Para os pequenos, não é apenas divertido saber de cor as falas de um livro, mas esse saber traz consigo um sentimento bom, de segurança e conforto. Se a experiência de leitura de um livro foi especialmente agradável da primeira vez, a criança vai querer resgatar essa sensação pedindo para que o adulto leia o livro novamente, muitas e muitas vezes.
O mesmo acontece com filmes, brincadeiras, jogos e fantasias que a criança gosta de vestir, por exemplo. A repetição ajuda as crianças a:
- descobrir e consolidar interesses, que muitas vezes estarão presentes por toda a vida;
- sentirem segurança, que por sua vez é fundamental para o desenvolvimento da autonomia (“se eu sei o que preciso fazer e já fiz muitas vezes, me sinto capaz de fazer sozinho”);
- desenvolver a concentração, necessária para perceber e compreender as várias camadas de uma história;
- fixar informações e aprendizados, reforçando o que foi visto anteriormente;
- fortalecer a autoconfiança (“se eu sei o que vai acontecer e já domino o assunto, sou capaz de aprender outras coisas também”);
- ampliar o repertório e o vocabulário.
Além dessas questões mais “práticas”, por assim dizer, a repetição da leitura tem um papel importante também no sentido emocional. “A partir dessas sensações, a criança também vai aprendendo a lidar com as suas próprias emoções. O que aquele livro, naquele momento, está trazendo para ela? [É a reflexão a esse respeito] que faz com que a criança forme suas referências simbólicas”, explica Pamella.

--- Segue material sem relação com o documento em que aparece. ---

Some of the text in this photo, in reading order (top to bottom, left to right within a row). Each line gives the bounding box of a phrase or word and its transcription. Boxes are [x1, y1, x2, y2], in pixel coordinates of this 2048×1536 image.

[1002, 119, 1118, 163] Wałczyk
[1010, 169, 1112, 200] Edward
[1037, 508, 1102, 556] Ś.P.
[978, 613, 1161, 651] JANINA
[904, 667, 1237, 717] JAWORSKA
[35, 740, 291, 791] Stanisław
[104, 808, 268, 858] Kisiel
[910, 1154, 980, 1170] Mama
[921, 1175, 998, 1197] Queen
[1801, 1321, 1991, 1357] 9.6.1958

“São referências afetivas e de pensamento que irão permanecer sempre na memória dessa criança, e vão influenciar a criação de comportamentos, de ideias e, principalmente, da sua sensibilidade e da capacidade de aprender o mundo a partir de sensações, a partir da sua imaginação criadora”, complementa a educadora.
E se o prazer virar uma obrigação?
Quando falamos dessa necessidade de reler várias vezes as mesmas histórias, vale dizer que não é a mesma coisa que uma simples repetição mecânica. É preciso observar se aquilo continua fazendo sentido e gerando interesse para a criança ou se virou apenas um hábito.

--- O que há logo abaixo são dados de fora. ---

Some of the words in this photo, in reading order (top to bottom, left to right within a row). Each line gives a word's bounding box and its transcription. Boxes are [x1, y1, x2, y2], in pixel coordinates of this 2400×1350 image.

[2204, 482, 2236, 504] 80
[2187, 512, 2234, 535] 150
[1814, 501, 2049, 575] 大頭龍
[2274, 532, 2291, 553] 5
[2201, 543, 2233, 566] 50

Se for esse o caso, chegou a hora de mudar. Mas vá com calma – não precisa forçar a barra, até para que a criança não perca o interesse nos livros de maneira geral. Uma boa ideia é observar os temas de interesse do pequeno e propor outros títulos que sejam semelhantes, ou que tragam o mesmo universo e personagens, por exemplo. Pamella diz que a melhor maneira de fazer isso é envolver a criança no processo, procurando entender a relação que faz com que ela tenha prazer na leitura.
Se mesmo assim você perceber que é muito difícil para o pequeno aceitar pequenas mudanças na rotina, ou uma rigidez excessiva na maneira como as coisas devem ser feitas, pode ser necessário buscar o apoio de um especialista. Converse com o pediatra que faz o acompanhamento do seu filho para definirem juntos a melhor maneira de seguir.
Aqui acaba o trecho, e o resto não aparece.